Imaging measurement of ventilation-perfusion heterogeneity.

Combined measurements of regional ventilation and regional blood flow have been used to produce high-resolution images of the distribution of the ventilation-perfusion ratio in the lung. This was initially described with PET scans utilizing two different positron emitting markers (12) and later with a PET technique utilizing a single injection of N-13 during a breath hold, followed by images acquired during gas washout (62). A CT method utilizing sequential images following injection of intravascular contrast followed by sequential images of the ventilatory washout of radiodense xenon also provided high-resolution images of ventilation perfusion distribution (18, 19). Finally animal studies utilizing simultaneous injection of intravascularly injected fluorescent microspheres with inhalation of fluorescent aerosol microspheres provided detailed post mortem tissue maps of ventilation perfusion heterogeneity that successfully predicted both respiratory and multiple inert gas exchange in those same animals (3). However, a subsequent study of a pulmonary embolus model utilizing that same FMS technique significantly underestimated the measured gas exchange abnormality, suggesting that a higher level of resolution was required to characterize the gas exchange properties of abnormal lungs (4).

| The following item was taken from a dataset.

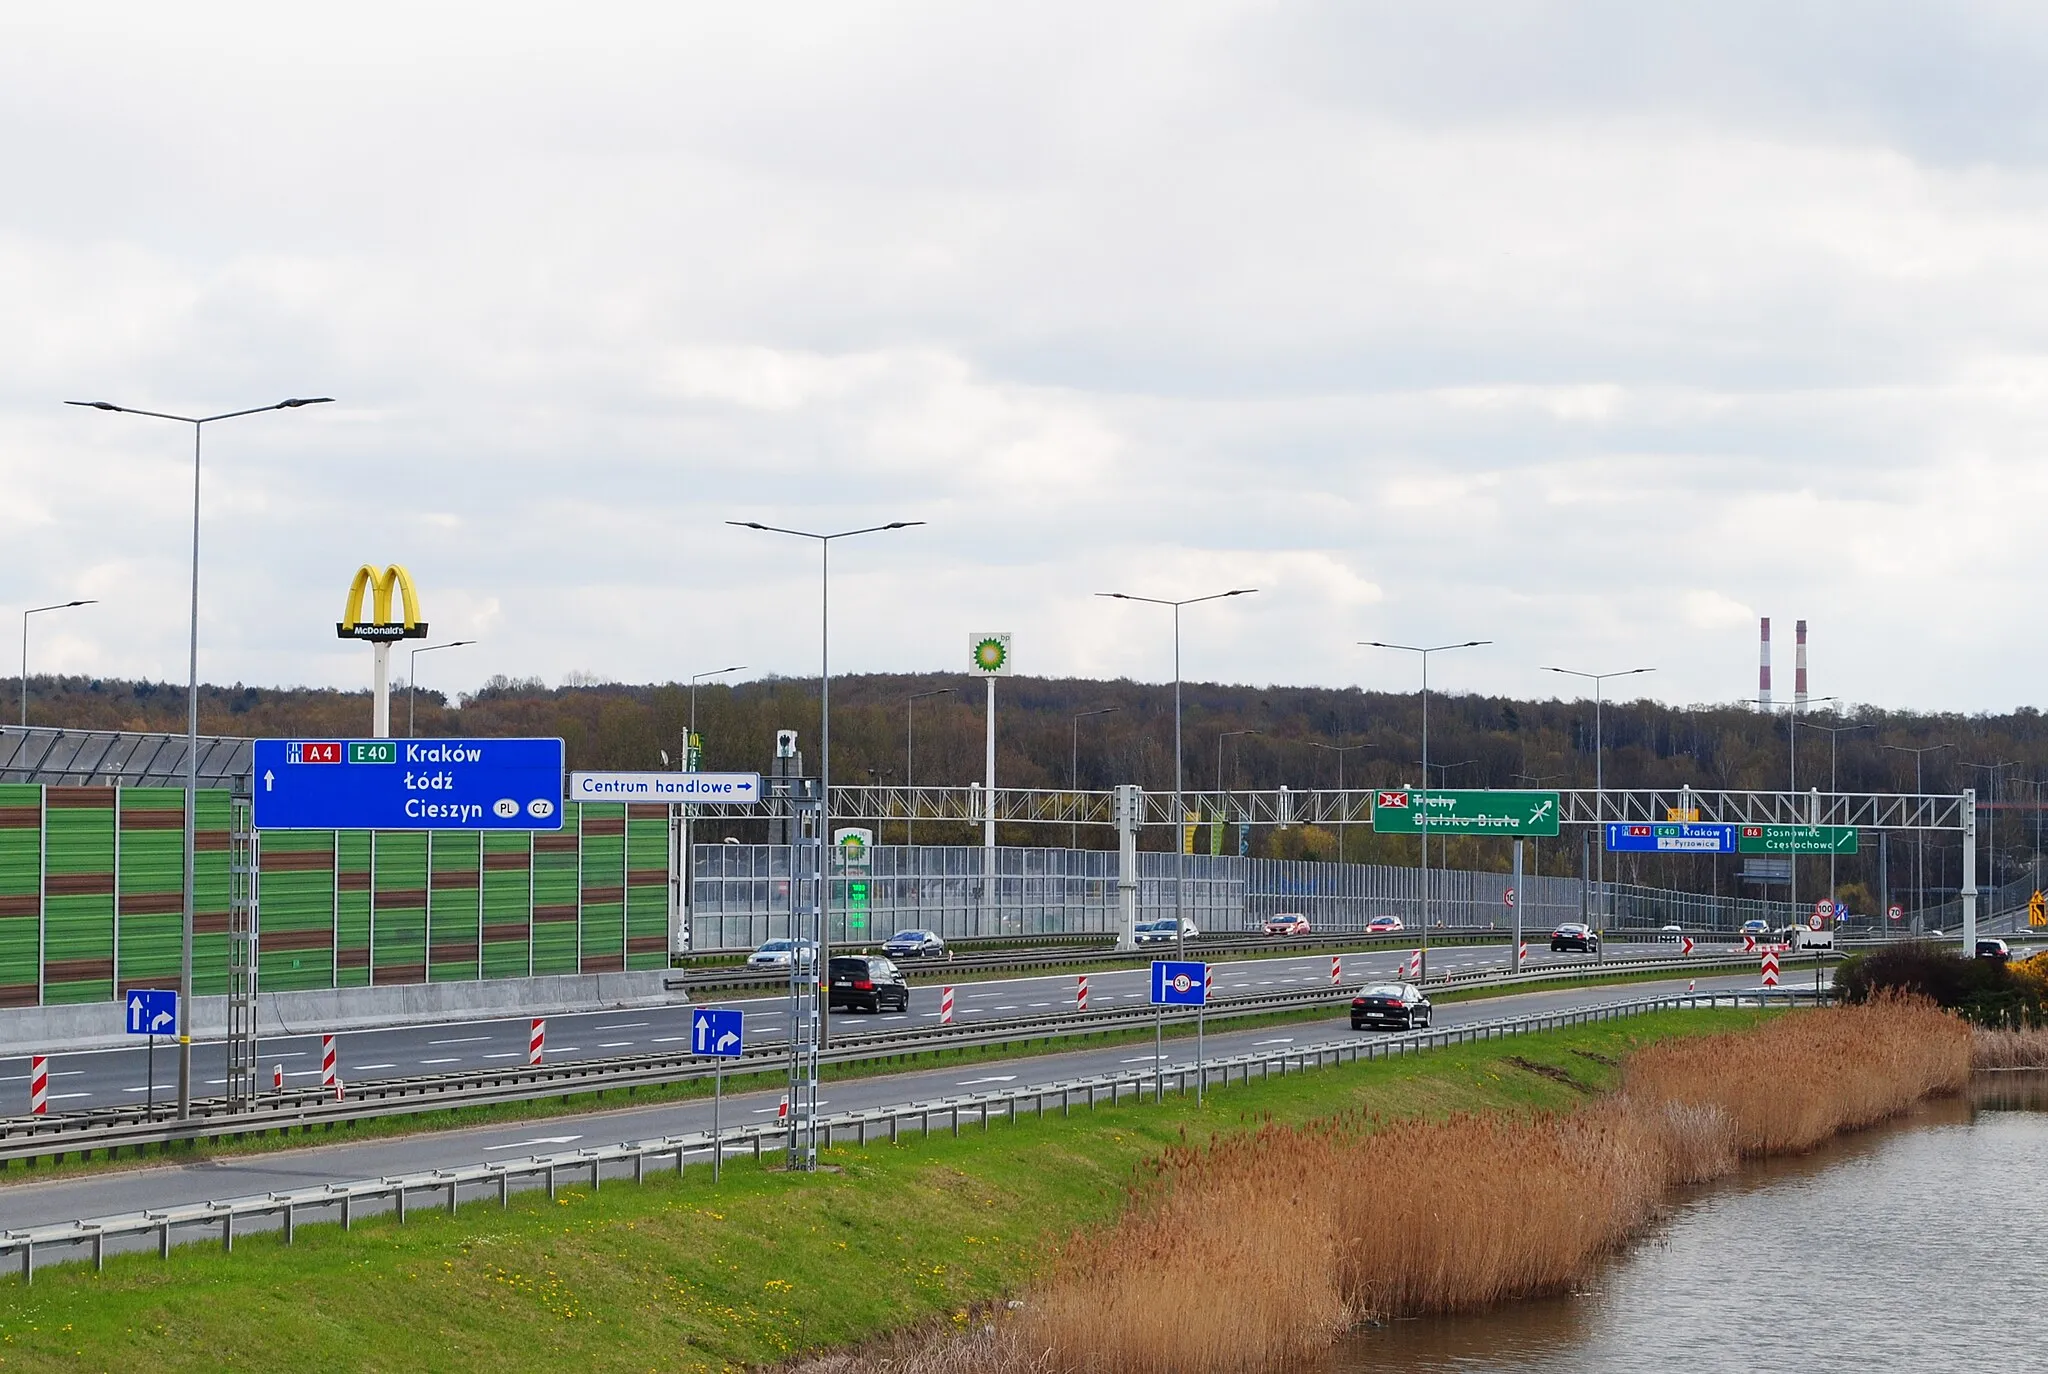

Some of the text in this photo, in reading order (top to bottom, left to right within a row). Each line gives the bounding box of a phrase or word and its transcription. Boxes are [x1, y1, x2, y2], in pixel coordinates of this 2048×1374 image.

One potential solution to the requirement for a single technique with better resolution to characterize ventilation perfusion heterogeneity has been with MRI images of inhaled hyperpolarized 3He. Because of the sensitivity of the longitudinal relaxation rate to oxygen, hyperpolarized 3He measurements offer the possibility of measuring local alveolar PO2 (68). An accurate measurement of alveolar PO2 with an appropriate O2-CO2 curve could yield a map of VA/Q distribution. Current MRI 3He estimates of PaO2 are promising and are now capable of assessing the whole human lung (36), although the method does yield some physiologically impossible results in some lung regions, and the artifact responsible for those results remains undefined. If the technique could be corrected, an accurate regional measurement of alveolar PO2 would provide a noninvasive high-resolution map of VA/Q heterogeneity, and that distribution, combined with an MRI measurement of regional ventilation utilizing measurements of 3He washout (21) could yield quantitative maps of both regional ventilation and regional blood flow, a valuable tool for investigation of a broad range of lung diseases.

Spatial patterns of acute and chronic lung diseases.

High-resolution CT images are an essential diagnostic tool for the practice of chest medicine, and the spatial distribution of parenchymal abnormalities can be very suggestive of specific diagnoses. Two of the best large-scale examples are the basal-peripheral pattern of scarring characteristic of usual interstitial pneumonia (UIP) and the basal distribution pattern of emphysema seen in patients with alpha-1 antitrypsin deficiency. At the resolution level of the secondary lobule, centrilobular emphysema is associated with loss of airway parenchyma surrounding the central respiratory bronchiole, whereas panacinar emphysema, as its name suggests, is associated with a uniform loss of alveoli within the entire secondary lobule. Those examples suggest that regional differences in parenchymal stress or environment within the lung influence the local cellular expression of the disease and that identification of differences in mechanical stress or local metabolic environment would provide valuable insights into the pathogenesis of disease processes. A high-resolution method to detect differences in regional strain and/or compliance, such as the illustrated above in Fig. 1 (47), could provide valuable insights into lung pathology.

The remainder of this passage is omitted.